◆ Work to complete: Please return every record exactly, with no pictures included.

◆ Input for this task:
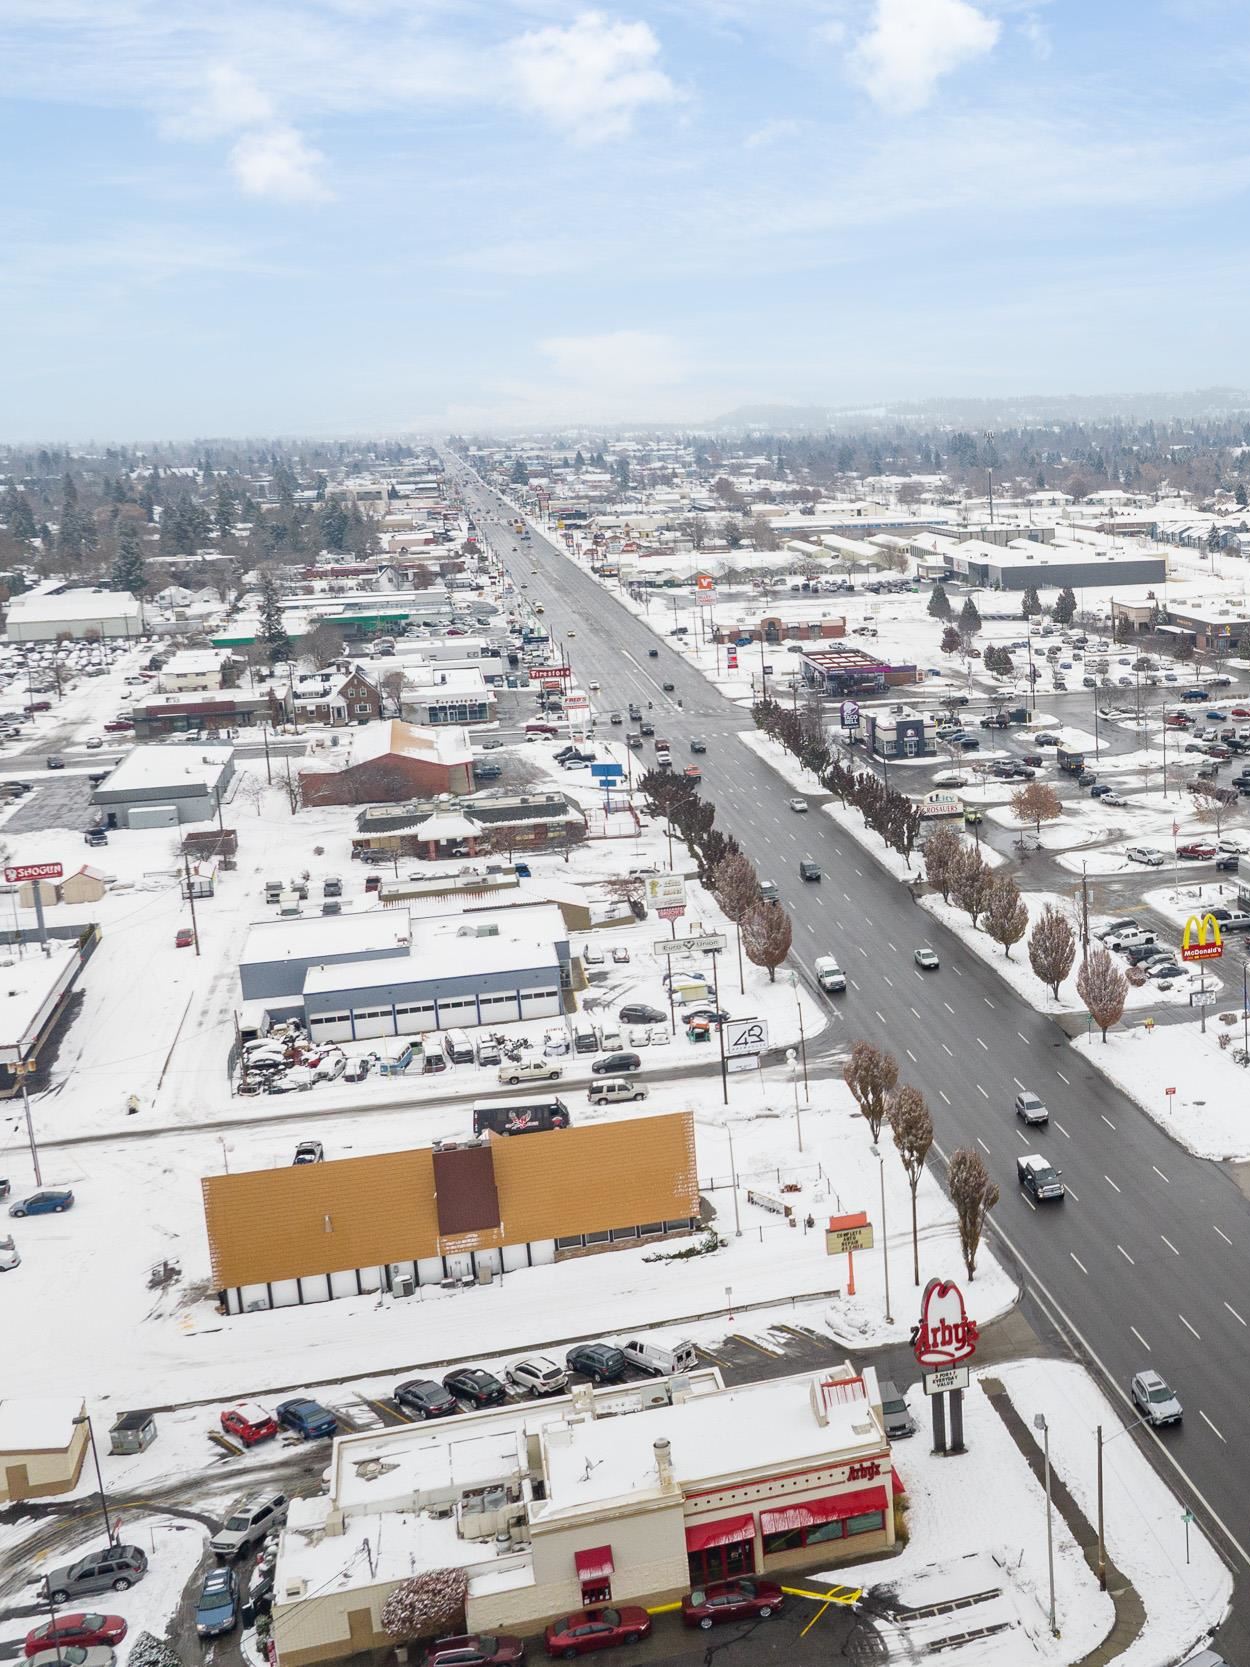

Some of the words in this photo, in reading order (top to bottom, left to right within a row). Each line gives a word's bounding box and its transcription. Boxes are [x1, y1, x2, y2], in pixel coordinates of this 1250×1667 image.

[17, 864, 61, 877] SHOGUN
[1184, 946, 1222, 957] McDonald's
[836, 1229, 862, 1238] COMPLETE
[914, 1311, 980, 1353] Arby's
[932, 1375, 958, 1384] EVERYDAY
[847, 1461, 881, 1481] Arby's

◆ Task solution:
Some of the words in this photo, in reading order (top to bottom, left to right within a row). Each line gives a word's bounding box and its transcription. Boxes are [x1, y1, x2, y2], in pixel coordinates of this 1250×1667 image.

[17, 864, 61, 877] SHOGUN
[1184, 946, 1222, 957] McDonald's
[836, 1229, 862, 1238] COMPLETE
[914, 1311, 980, 1353] Arby's
[932, 1375, 958, 1384] EVERYDAY
[847, 1461, 881, 1481] Arby's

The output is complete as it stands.